Provided information -
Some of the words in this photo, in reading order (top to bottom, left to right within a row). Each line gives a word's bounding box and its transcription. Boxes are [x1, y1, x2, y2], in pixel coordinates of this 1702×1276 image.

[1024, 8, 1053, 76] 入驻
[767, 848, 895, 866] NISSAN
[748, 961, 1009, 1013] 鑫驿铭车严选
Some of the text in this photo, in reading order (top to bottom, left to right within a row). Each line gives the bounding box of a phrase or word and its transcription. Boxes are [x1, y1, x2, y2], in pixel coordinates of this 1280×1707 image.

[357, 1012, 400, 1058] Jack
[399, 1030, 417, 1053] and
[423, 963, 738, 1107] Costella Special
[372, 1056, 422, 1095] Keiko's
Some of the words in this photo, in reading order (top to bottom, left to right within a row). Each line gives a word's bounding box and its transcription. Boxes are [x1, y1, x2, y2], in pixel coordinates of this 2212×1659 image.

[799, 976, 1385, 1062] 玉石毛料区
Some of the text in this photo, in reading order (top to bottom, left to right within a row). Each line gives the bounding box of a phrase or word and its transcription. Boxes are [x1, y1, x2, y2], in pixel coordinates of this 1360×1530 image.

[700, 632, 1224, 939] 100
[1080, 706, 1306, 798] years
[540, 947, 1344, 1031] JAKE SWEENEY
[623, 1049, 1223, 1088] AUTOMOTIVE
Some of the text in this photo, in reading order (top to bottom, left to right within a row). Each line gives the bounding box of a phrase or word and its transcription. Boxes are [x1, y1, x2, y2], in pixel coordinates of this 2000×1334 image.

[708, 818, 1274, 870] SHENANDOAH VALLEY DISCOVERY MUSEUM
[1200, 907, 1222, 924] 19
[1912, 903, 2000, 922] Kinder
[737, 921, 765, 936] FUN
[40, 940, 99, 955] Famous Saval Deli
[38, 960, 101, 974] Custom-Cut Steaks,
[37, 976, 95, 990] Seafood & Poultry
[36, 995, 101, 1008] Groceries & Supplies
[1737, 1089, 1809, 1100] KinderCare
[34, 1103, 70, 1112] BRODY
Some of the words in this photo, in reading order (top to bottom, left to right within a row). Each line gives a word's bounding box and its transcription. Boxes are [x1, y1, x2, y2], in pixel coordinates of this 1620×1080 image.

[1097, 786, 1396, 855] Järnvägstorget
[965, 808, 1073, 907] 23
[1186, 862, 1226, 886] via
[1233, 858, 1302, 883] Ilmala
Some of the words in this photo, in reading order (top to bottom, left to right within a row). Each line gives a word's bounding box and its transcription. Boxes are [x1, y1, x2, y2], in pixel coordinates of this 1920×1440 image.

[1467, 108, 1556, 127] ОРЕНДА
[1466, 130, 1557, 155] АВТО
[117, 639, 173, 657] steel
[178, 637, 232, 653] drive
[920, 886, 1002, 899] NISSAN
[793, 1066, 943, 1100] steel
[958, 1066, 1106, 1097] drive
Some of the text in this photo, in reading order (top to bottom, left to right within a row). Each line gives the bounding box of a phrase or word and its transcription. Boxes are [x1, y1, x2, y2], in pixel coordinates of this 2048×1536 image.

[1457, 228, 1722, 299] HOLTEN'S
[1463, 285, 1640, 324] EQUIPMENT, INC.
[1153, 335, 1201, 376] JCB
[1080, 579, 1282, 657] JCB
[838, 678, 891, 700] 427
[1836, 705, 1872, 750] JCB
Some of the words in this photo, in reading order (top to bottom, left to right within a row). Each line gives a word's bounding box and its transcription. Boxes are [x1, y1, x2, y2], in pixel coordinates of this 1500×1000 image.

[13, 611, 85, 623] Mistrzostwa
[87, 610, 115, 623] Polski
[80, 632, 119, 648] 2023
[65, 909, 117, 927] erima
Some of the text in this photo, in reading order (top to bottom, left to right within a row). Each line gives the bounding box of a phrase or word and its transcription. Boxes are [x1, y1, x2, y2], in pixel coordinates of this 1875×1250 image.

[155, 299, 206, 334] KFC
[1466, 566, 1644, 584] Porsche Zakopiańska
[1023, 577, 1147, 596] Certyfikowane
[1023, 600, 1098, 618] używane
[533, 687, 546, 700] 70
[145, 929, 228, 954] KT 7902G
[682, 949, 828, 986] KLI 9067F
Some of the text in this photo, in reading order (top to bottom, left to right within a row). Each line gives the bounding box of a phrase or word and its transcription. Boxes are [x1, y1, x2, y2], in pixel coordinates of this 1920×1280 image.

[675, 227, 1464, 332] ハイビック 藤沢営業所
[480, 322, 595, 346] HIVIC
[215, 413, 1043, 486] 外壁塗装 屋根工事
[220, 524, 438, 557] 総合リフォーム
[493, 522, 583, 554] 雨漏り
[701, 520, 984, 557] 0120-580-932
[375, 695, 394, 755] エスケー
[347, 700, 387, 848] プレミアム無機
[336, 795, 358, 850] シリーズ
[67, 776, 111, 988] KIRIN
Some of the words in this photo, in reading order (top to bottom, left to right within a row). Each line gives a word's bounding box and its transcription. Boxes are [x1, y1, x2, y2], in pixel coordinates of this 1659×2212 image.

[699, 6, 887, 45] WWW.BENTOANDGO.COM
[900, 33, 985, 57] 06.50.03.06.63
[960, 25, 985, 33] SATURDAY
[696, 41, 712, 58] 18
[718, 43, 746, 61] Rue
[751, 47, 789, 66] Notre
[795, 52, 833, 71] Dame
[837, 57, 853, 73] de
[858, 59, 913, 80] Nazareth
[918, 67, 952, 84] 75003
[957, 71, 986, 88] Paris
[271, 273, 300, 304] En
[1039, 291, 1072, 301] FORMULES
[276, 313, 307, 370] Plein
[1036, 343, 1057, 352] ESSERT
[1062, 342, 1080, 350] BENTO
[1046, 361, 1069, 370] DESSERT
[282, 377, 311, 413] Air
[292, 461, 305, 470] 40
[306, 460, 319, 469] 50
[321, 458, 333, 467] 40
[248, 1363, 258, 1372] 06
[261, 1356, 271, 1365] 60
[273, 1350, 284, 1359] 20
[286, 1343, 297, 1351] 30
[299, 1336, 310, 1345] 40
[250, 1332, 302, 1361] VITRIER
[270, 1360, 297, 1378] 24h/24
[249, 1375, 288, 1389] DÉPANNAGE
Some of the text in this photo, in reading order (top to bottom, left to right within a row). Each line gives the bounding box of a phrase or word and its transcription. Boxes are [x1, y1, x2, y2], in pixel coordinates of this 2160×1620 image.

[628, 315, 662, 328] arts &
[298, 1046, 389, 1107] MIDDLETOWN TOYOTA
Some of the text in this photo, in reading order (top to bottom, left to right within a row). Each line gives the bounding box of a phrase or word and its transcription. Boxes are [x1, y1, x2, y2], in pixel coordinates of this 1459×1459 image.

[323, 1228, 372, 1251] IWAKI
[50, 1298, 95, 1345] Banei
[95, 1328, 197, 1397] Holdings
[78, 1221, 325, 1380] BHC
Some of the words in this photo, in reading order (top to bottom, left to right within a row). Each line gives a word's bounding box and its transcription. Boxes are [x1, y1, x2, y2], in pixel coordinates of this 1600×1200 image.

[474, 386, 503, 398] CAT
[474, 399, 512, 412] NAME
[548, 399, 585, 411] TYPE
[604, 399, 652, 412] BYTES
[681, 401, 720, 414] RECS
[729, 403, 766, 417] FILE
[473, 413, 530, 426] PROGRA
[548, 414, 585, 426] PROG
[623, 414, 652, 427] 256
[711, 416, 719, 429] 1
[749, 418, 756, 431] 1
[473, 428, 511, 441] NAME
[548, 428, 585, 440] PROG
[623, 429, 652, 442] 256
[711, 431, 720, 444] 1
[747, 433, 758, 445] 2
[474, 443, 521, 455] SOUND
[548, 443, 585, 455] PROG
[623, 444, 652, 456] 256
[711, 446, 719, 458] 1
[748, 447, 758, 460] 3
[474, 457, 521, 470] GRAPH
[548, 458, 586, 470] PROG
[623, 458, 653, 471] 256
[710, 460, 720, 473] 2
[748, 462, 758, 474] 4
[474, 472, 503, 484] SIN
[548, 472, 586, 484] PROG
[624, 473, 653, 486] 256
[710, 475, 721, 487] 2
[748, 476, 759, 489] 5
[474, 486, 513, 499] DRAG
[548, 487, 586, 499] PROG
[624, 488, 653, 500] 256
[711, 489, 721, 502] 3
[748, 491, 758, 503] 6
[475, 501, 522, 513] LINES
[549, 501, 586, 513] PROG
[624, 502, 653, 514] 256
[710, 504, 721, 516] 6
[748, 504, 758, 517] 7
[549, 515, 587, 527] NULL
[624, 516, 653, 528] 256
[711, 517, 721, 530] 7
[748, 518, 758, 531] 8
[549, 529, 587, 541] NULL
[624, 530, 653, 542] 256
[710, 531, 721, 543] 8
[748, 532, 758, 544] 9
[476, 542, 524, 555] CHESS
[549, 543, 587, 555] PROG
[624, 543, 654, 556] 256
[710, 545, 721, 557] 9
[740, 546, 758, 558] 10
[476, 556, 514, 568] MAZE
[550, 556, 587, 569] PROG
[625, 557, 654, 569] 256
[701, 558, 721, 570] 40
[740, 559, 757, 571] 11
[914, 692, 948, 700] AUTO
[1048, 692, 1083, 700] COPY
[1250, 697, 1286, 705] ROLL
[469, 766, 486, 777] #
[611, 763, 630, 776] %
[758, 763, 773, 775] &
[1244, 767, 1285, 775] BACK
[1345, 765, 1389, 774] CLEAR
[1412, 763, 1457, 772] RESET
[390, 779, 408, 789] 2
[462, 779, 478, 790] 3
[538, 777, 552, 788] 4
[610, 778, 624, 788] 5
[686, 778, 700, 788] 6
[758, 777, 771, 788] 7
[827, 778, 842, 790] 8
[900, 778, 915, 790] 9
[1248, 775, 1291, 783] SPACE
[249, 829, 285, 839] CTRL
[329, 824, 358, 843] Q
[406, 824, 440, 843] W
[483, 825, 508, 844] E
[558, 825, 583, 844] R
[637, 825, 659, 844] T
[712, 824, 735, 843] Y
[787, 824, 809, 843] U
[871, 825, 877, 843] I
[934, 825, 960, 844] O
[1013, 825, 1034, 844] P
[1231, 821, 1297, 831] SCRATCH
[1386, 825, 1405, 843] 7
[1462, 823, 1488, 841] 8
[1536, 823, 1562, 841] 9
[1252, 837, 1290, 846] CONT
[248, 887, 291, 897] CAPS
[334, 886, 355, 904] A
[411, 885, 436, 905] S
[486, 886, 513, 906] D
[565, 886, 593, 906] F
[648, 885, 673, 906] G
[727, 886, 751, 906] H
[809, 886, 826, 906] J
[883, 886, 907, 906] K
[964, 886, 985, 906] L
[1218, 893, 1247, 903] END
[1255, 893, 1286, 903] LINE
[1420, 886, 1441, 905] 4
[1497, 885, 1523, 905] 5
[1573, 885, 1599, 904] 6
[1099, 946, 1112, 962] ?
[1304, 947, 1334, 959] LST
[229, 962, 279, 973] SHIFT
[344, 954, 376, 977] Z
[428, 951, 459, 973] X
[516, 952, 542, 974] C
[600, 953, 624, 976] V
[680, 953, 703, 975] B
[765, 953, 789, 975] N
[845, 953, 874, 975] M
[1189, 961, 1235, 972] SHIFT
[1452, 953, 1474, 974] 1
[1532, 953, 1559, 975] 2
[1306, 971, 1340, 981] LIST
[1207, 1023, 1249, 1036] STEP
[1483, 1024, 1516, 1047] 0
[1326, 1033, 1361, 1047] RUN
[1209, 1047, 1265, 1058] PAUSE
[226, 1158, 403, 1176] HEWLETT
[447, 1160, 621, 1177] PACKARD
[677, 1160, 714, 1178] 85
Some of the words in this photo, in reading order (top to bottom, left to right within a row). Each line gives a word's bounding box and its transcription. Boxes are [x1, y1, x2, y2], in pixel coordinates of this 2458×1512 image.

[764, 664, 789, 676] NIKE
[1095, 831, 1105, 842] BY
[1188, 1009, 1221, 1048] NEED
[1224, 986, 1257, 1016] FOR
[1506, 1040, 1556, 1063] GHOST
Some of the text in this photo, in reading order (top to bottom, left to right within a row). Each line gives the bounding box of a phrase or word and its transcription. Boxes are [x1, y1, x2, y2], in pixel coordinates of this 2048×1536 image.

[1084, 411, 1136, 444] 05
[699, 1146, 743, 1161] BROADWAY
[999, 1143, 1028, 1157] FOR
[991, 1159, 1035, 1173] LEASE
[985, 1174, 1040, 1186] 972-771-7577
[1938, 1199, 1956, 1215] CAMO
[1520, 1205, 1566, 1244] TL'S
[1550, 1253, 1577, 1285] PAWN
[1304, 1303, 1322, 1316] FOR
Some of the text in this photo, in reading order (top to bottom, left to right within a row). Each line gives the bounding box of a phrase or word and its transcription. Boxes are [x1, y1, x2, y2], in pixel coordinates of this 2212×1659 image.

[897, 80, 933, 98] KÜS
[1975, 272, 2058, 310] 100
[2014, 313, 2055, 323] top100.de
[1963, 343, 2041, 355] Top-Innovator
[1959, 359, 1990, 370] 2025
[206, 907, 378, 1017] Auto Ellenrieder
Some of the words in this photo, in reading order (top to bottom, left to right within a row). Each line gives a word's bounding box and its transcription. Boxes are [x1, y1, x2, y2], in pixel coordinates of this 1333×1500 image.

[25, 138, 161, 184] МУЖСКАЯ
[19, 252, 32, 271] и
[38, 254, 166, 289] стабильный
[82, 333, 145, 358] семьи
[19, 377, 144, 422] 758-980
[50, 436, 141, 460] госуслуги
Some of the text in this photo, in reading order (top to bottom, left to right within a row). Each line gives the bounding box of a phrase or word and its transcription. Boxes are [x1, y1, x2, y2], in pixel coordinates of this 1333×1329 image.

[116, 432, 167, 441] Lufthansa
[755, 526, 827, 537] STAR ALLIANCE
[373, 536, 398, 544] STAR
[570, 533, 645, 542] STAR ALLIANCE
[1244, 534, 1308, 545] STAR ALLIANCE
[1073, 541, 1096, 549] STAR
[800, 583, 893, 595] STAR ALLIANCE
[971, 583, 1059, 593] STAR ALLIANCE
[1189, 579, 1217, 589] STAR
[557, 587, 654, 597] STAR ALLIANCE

Your objective -
Copy out the line containing "this 1333×1329 image.", then every line after it through the end of the listing, exactly and with nothing else.

Response for this exercise -
Some of the text in this photo, in reading order (top to bottom, left to right within a row). Each line gives the bounding box of a phrase or word and its transcription. Boxes are [x1, y1, x2, y2], in pixel coordinates of this 1333×1329 image.

[116, 432, 167, 441] Lufthansa
[755, 526, 827, 537] STAR ALLIANCE
[373, 536, 398, 544] STAR
[570, 533, 645, 542] STAR ALLIANCE
[1244, 534, 1308, 545] STAR ALLIANCE
[1073, 541, 1096, 549] STAR
[800, 583, 893, 595] STAR ALLIANCE
[971, 583, 1059, 593] STAR ALLIANCE
[1189, 579, 1217, 589] STAR
[557, 587, 654, 597] STAR ALLIANCE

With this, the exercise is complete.